DIRECTIONS: Reproduce exactly the line with "this 1736×1547 image." and all the lines beneath it, stopping only at the end of the material.

THE DATA:

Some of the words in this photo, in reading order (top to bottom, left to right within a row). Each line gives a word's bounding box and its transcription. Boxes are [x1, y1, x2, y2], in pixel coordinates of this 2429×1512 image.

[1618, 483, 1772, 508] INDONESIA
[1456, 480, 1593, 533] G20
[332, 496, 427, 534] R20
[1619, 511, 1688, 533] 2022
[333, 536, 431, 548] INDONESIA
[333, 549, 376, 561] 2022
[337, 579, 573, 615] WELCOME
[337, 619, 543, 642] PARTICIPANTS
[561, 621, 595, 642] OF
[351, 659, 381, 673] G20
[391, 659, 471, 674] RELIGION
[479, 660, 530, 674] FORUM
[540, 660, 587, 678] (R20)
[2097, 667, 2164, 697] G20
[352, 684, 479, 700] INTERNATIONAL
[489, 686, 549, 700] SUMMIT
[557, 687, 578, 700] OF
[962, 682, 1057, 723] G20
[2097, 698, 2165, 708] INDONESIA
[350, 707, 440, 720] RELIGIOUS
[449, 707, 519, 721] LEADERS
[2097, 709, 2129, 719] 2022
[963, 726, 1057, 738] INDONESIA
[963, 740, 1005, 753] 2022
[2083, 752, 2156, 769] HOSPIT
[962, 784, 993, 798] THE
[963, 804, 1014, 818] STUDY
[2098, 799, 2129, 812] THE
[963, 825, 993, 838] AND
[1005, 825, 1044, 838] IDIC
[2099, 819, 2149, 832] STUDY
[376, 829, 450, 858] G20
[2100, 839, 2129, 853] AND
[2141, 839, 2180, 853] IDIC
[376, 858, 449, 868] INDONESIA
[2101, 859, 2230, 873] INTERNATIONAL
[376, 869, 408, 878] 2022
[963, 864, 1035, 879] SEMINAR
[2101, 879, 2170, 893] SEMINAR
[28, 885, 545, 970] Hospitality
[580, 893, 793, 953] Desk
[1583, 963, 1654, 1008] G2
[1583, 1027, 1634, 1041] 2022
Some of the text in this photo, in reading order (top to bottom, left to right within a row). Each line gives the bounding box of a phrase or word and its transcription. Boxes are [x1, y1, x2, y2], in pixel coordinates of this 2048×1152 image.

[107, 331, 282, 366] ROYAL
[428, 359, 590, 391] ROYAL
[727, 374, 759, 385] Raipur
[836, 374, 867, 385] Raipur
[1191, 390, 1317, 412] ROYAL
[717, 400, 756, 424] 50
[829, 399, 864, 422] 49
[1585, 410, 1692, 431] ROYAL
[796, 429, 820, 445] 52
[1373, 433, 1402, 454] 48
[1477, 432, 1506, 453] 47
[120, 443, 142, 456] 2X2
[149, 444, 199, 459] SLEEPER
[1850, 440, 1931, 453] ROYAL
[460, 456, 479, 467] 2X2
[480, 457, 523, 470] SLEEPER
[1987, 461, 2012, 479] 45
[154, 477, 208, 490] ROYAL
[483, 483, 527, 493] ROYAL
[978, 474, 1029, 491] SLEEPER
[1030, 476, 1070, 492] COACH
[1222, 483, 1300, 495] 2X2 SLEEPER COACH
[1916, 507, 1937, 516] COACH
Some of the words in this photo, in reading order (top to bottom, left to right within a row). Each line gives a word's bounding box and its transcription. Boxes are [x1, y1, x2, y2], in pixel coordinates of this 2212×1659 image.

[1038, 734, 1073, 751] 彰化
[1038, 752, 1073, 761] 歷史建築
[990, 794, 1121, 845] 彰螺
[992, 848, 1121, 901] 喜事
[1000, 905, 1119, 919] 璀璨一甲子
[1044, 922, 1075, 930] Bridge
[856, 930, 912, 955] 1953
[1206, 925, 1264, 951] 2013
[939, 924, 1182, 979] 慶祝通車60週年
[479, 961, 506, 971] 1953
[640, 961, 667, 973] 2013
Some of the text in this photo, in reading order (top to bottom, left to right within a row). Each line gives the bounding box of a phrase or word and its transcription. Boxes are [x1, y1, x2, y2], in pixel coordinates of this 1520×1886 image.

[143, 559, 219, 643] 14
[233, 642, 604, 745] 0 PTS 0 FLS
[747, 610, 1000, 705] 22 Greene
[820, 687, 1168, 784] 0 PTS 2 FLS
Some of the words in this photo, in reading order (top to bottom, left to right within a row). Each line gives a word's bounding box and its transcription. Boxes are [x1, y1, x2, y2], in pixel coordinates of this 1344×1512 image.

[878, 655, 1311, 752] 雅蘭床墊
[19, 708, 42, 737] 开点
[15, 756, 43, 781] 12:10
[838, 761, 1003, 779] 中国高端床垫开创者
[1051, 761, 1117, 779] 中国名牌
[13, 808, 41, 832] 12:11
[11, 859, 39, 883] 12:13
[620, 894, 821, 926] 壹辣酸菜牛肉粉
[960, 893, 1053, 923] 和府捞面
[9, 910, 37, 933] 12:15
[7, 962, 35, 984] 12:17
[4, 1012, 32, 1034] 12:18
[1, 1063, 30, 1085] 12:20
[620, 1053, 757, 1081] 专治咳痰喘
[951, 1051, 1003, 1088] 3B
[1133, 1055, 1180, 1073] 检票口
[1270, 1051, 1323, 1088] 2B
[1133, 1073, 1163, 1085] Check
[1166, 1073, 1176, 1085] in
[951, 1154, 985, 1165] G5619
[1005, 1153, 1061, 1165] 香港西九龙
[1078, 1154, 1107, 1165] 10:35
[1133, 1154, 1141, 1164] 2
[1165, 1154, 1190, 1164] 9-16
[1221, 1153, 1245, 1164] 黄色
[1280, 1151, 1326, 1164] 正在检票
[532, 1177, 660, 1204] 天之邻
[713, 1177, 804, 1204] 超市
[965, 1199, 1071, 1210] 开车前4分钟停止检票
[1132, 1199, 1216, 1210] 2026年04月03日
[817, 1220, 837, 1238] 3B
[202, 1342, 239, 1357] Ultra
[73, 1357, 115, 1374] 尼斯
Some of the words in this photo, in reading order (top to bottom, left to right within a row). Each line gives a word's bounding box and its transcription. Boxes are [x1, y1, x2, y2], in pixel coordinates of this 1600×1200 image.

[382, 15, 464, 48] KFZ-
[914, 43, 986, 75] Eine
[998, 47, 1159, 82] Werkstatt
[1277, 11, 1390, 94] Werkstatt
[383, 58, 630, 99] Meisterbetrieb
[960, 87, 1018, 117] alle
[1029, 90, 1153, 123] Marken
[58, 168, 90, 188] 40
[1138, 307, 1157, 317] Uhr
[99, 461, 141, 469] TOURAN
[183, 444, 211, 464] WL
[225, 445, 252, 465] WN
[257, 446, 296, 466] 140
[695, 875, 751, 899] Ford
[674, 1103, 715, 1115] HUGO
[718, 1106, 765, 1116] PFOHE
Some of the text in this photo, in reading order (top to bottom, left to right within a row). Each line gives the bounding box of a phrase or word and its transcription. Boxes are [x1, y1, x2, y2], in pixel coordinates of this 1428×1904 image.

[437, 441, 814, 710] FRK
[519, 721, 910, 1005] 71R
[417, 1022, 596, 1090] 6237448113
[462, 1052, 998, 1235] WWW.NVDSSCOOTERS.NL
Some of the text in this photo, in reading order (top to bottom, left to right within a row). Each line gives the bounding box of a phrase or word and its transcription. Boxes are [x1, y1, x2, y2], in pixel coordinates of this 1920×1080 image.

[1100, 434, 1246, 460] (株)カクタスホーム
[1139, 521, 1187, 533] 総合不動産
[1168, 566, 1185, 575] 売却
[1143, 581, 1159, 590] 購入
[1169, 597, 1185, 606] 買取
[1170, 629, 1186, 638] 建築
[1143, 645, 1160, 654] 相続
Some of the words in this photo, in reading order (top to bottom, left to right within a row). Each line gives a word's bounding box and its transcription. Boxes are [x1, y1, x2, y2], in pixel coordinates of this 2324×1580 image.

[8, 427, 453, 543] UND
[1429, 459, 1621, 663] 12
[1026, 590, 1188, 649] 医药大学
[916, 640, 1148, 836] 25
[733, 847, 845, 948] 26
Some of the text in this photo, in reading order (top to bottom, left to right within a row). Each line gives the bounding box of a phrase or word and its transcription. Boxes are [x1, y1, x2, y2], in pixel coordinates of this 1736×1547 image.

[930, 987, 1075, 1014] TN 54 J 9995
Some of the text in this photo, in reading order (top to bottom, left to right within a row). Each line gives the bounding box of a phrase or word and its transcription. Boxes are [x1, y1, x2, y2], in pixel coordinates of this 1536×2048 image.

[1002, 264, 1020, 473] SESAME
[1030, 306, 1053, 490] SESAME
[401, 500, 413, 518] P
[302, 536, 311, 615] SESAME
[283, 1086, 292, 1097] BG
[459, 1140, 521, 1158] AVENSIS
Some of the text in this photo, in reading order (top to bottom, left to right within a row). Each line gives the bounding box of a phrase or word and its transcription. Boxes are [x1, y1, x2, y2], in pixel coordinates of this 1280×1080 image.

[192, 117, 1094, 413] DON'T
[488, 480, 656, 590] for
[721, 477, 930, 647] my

WRITTEN RESPONSE:
Some of the text in this photo, in reading order (top to bottom, left to right within a row). Each line gives the bounding box of a phrase or word and its transcription. Boxes are [x1, y1, x2, y2], in pixel coordinates of this 1736×1547 image.

[930, 987, 1075, 1014] TN 54 J 9995
Some of the text in this photo, in reading order (top to bottom, left to right within a row). Each line gives the bounding box of a phrase or word and its transcription. Boxes are [x1, y1, x2, y2], in pixel coordinates of this 1536×2048 image.

[1002, 264, 1020, 473] SESAME
[1030, 306, 1053, 490] SESAME
[401, 500, 413, 518] P
[302, 536, 311, 615] SESAME
[283, 1086, 292, 1097] BG
[459, 1140, 521, 1158] AVENSIS
Some of the text in this photo, in reading order (top to bottom, left to right within a row). Each line gives the bounding box of a phrase or word and its transcription. Boxes are [x1, y1, x2, y2], in pixel coordinates of this 1280×1080 image.

[192, 117, 1094, 413] DON'T
[488, 480, 656, 590] for
[721, 477, 930, 647] my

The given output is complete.